Exercise instructions:
How do the lines read from the one holding "this 1080×1920 image." through the last line of the listing? Set them down exactly, pictures omitted.
+++ Records to use
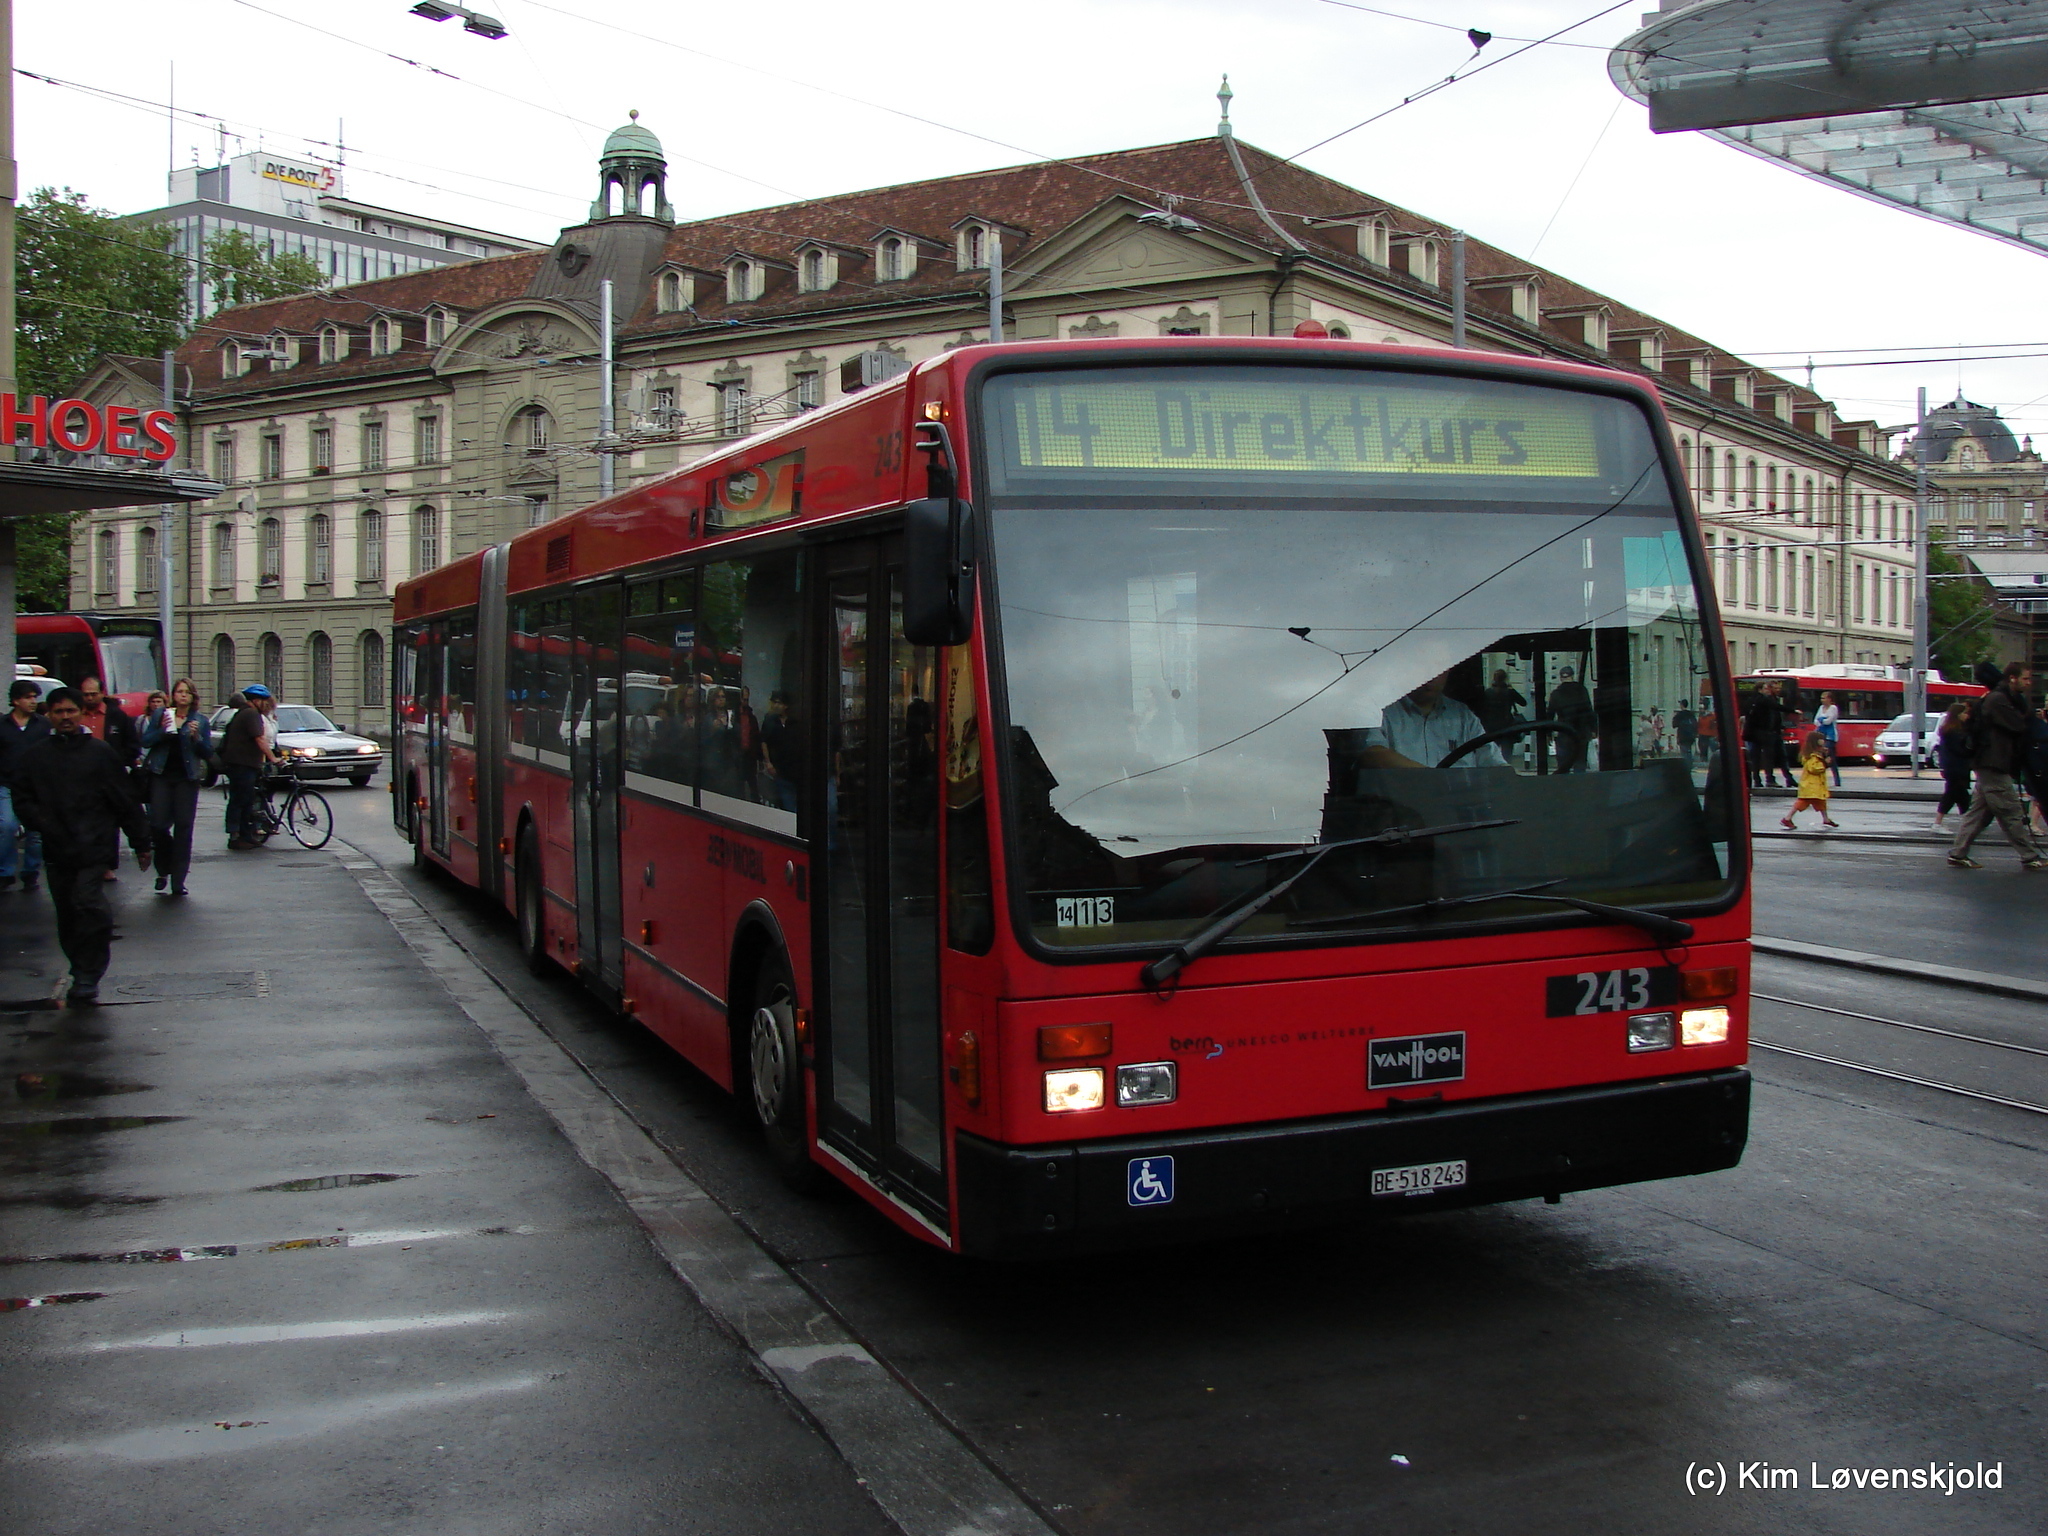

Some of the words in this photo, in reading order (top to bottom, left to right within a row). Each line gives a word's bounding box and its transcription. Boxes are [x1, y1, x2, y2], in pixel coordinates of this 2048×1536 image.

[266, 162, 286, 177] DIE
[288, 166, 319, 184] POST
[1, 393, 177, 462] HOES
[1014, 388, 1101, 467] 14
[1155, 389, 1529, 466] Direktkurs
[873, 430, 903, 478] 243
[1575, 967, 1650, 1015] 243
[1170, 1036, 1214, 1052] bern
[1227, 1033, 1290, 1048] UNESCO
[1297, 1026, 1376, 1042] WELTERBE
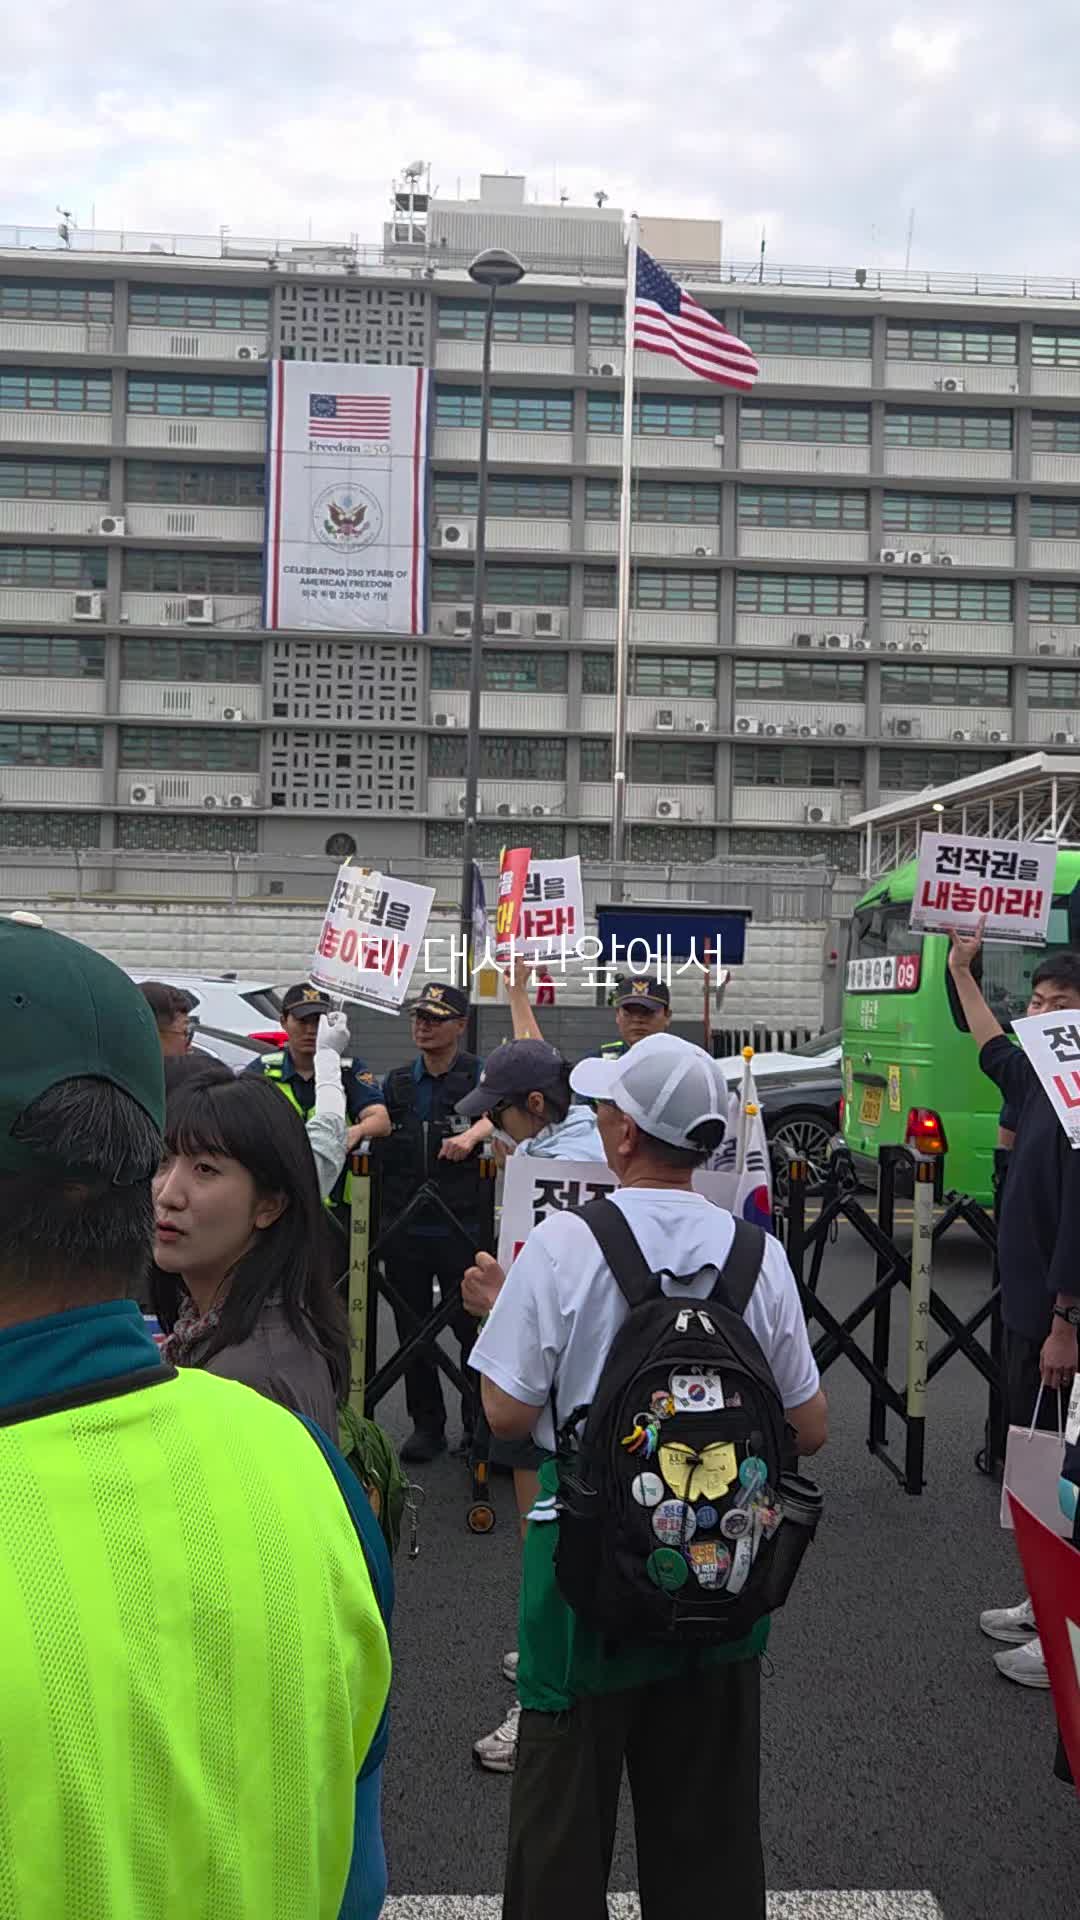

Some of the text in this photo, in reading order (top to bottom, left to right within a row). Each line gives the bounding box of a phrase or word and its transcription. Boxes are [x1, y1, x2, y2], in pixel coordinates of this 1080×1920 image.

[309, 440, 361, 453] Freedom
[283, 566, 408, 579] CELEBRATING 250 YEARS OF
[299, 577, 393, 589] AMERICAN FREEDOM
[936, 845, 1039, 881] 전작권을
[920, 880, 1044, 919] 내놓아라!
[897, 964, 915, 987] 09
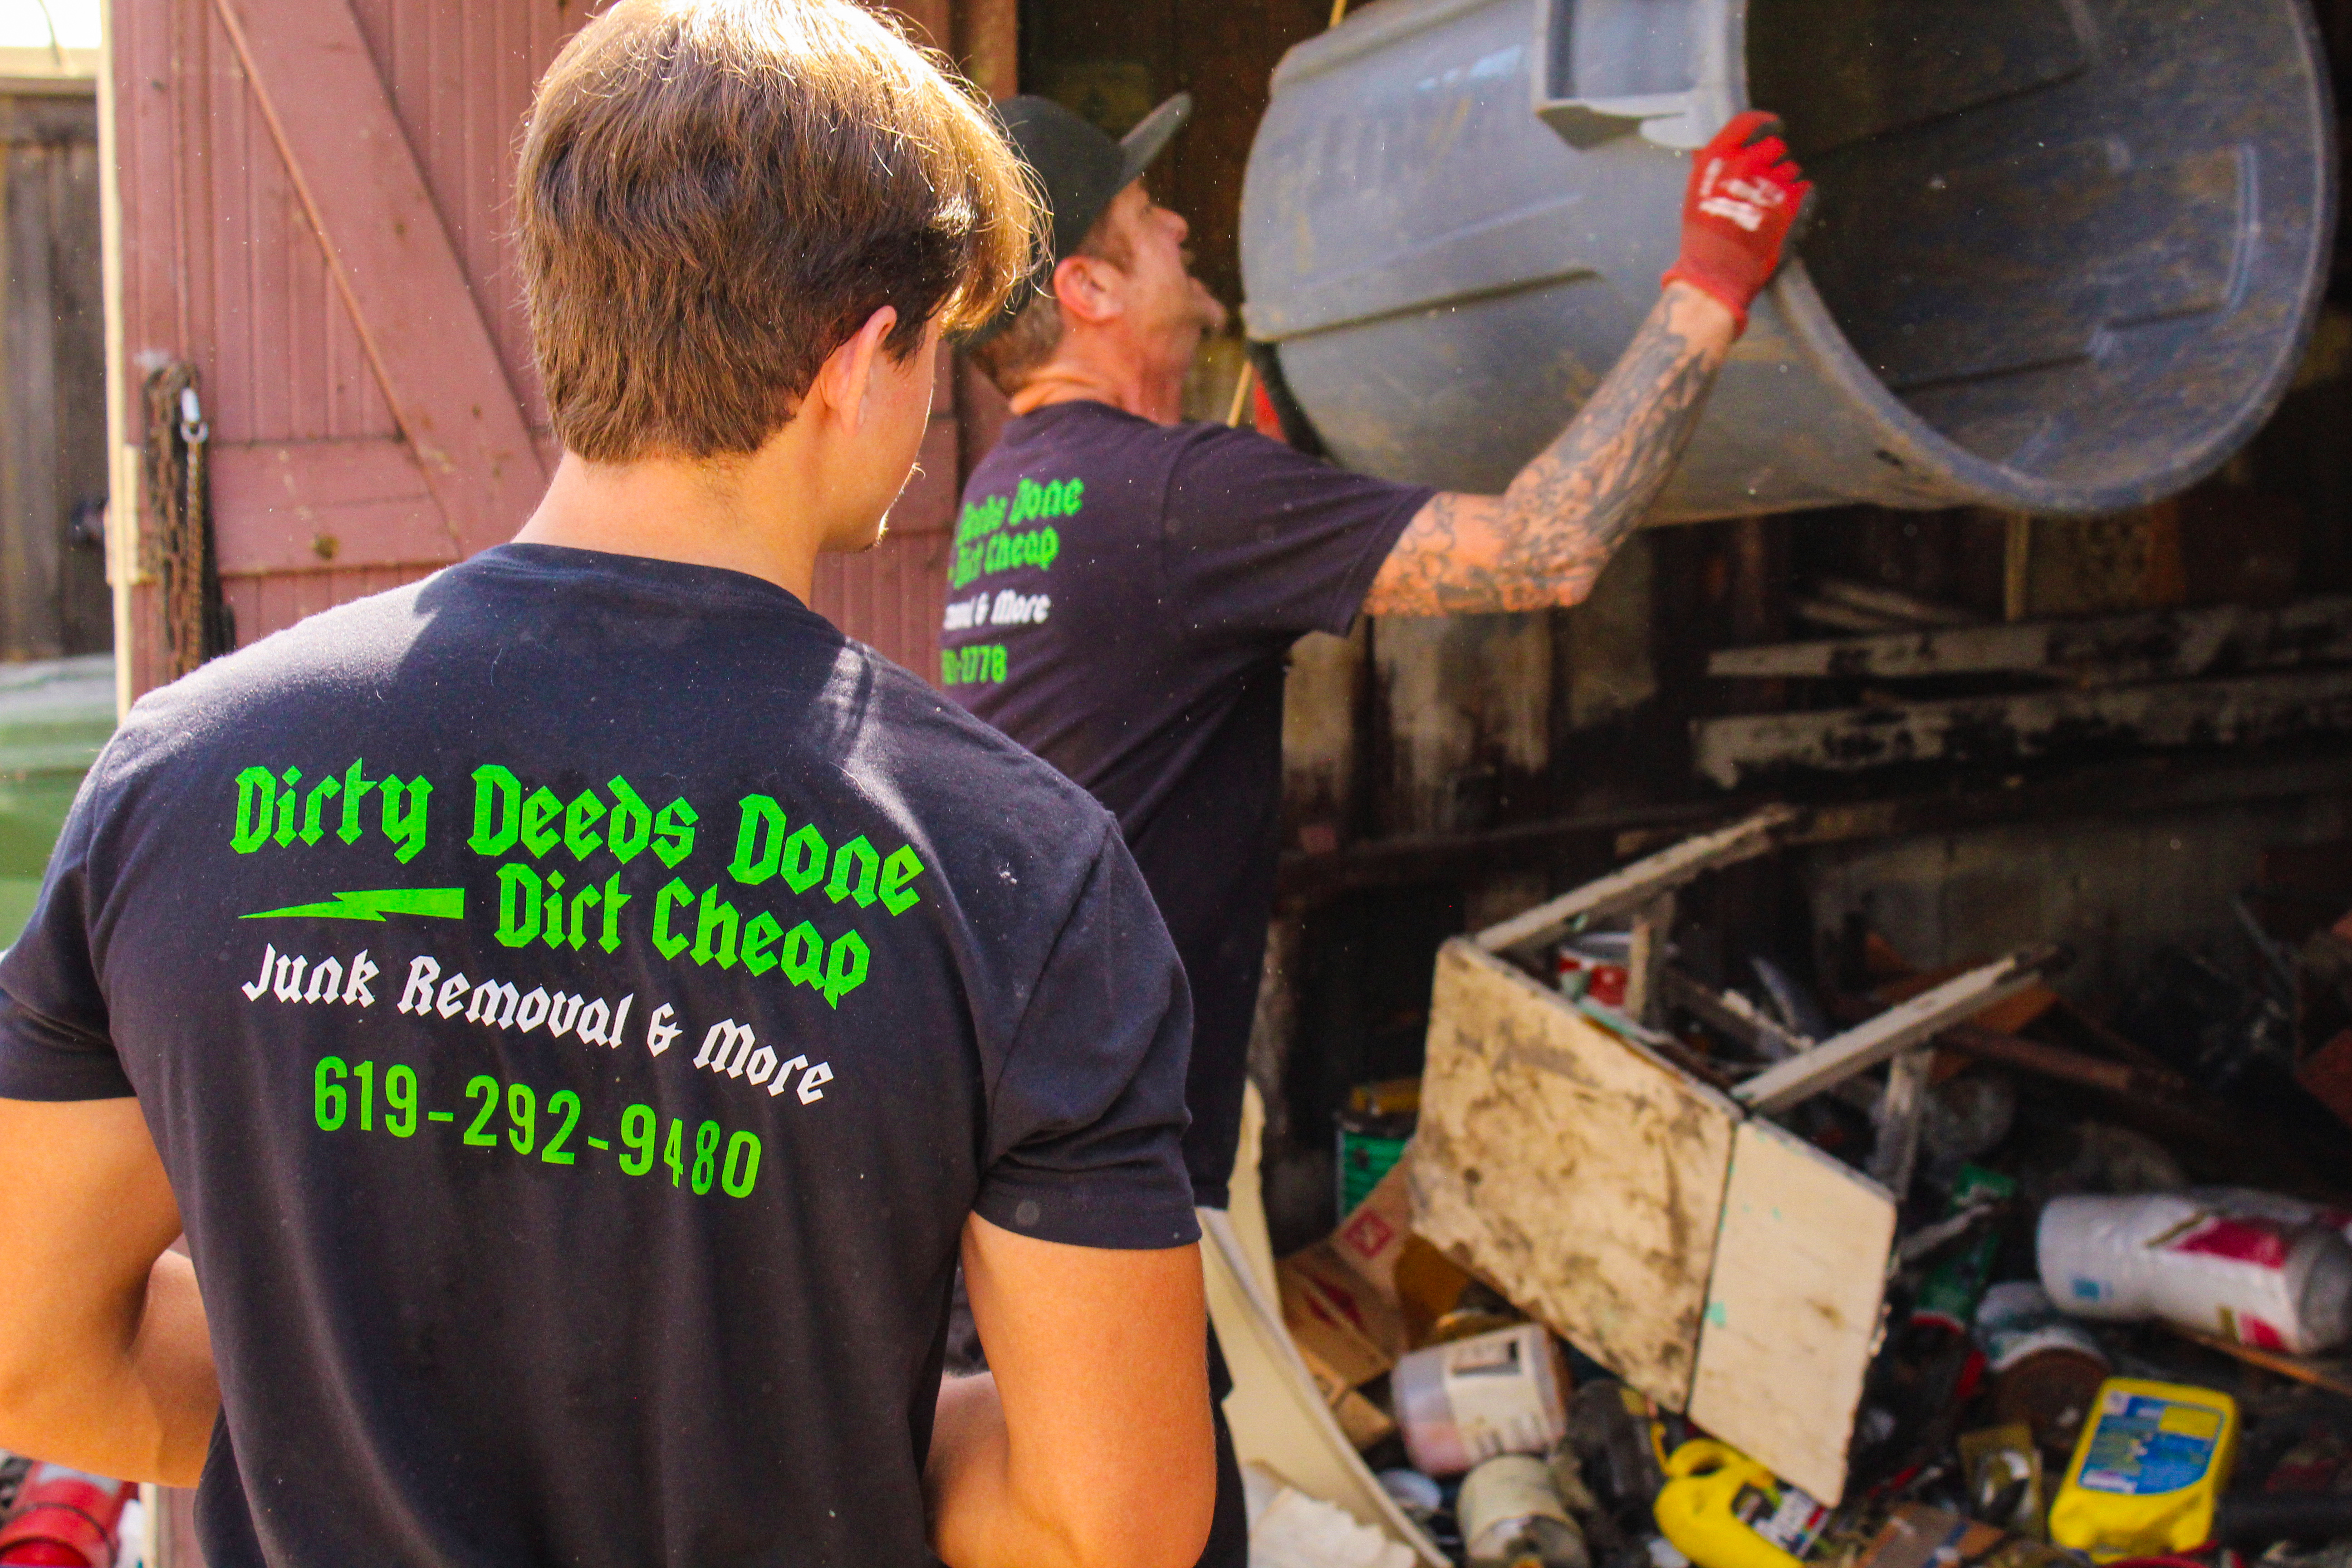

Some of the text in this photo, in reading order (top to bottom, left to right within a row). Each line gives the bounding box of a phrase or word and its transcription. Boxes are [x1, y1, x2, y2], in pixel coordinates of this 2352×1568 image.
++++++
Result of this task:
Some of the text in this photo, in reading order (top to bottom, left to right within a row). Each line gives the bounding box of a phrase or word and its transcription. Boxes are [x1, y1, x2, y2], in pixel coordinates of this 1080×1920 image.

[309, 440, 361, 453] Freedom
[283, 566, 408, 579] CELEBRATING 250 YEARS OF
[299, 577, 393, 589] AMERICAN FREEDOM
[936, 845, 1039, 881] 전작권을
[920, 880, 1044, 919] 내놓아라!
[897, 964, 915, 987] 09

Some of the text in this photo, in reading order (top to bottom, left to right within a row). Each line gives the bounding box of a phrase or word and its transcription. Boxes are [x1, y1, x2, y2], in pixel coordinates of this 2352×1568 image.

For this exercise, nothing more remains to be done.